§ **TASK OBJECTIVE**: Every entry must come back exactly as it was written.

§ **EXCERPTED RECORDS**:
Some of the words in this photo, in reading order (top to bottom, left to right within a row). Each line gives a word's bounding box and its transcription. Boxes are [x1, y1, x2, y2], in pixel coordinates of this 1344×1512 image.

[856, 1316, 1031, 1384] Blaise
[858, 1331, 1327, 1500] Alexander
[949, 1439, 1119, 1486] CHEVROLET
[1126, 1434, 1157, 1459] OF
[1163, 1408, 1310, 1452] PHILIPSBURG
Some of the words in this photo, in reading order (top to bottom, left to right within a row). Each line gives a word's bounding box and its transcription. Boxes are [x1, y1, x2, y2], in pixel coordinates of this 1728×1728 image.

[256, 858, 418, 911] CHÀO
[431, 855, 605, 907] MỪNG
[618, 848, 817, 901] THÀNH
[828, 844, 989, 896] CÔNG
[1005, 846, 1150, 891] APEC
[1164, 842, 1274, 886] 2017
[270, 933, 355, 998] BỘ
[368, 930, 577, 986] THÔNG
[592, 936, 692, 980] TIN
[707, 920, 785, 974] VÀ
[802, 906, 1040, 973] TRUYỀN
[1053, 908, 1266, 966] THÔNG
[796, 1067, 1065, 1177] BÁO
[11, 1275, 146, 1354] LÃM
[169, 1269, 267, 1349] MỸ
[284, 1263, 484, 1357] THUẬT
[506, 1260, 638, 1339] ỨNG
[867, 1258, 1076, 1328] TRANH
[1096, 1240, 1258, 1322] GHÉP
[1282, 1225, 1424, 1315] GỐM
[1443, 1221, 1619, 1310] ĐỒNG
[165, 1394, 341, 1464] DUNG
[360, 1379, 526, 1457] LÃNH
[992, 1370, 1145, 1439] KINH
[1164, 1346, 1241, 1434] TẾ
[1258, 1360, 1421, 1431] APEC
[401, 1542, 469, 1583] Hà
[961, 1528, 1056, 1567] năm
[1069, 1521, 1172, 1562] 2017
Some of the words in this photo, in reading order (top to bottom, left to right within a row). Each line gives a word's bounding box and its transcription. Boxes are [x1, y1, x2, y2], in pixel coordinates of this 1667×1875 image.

§ **REPLY TO THE EXERCISE**:
Some of the words in this photo, in reading order (top to bottom, left to right within a row). Each line gives a word's bounding box and its transcription. Boxes are [x1, y1, x2, y2], in pixel coordinates of this 1344×1512 image.

[856, 1316, 1031, 1384] Blaise
[858, 1331, 1327, 1500] Alexander
[949, 1439, 1119, 1486] CHEVROLET
[1126, 1434, 1157, 1459] OF
[1163, 1408, 1310, 1452] PHILIPSBURG
Some of the words in this photo, in reading order (top to bottom, left to right within a row). Each line gives a word's bounding box and its transcription. Boxes are [x1, y1, x2, y2], in pixel coordinates of this 1728×1728 image.

[256, 858, 418, 911] CHÀO
[431, 855, 605, 907] MỪNG
[618, 848, 817, 901] THÀNH
[828, 844, 989, 896] CÔNG
[1005, 846, 1150, 891] APEC
[1164, 842, 1274, 886] 2017
[270, 933, 355, 998] BỘ
[368, 930, 577, 986] THÔNG
[592, 936, 692, 980] TIN
[707, 920, 785, 974] VÀ
[802, 906, 1040, 973] TRUYỀN
[1053, 908, 1266, 966] THÔNG
[796, 1067, 1065, 1177] BÁO
[11, 1275, 146, 1354] LÃM
[169, 1269, 267, 1349] MỸ
[284, 1263, 484, 1357] THUẬT
[506, 1260, 638, 1339] ỨNG
[867, 1258, 1076, 1328] TRANH
[1096, 1240, 1258, 1322] GHÉP
[1282, 1225, 1424, 1315] GỐM
[1443, 1221, 1619, 1310] ĐỒNG
[165, 1394, 341, 1464] DUNG
[360, 1379, 526, 1457] LÃNH
[992, 1370, 1145, 1439] KINH
[1164, 1346, 1241, 1434] TẾ
[1258, 1360, 1421, 1431] APEC
[401, 1542, 469, 1583] Hà
[961, 1528, 1056, 1567] năm
[1069, 1521, 1172, 1562] 2017
Some of the words in this photo, in reading order (top to bottom, left to right within a row). Each line gives a word's bounding box and its transcription. Boxes are [x1, y1, x2, y2], in pixel coordinates of this 1667×1875 image.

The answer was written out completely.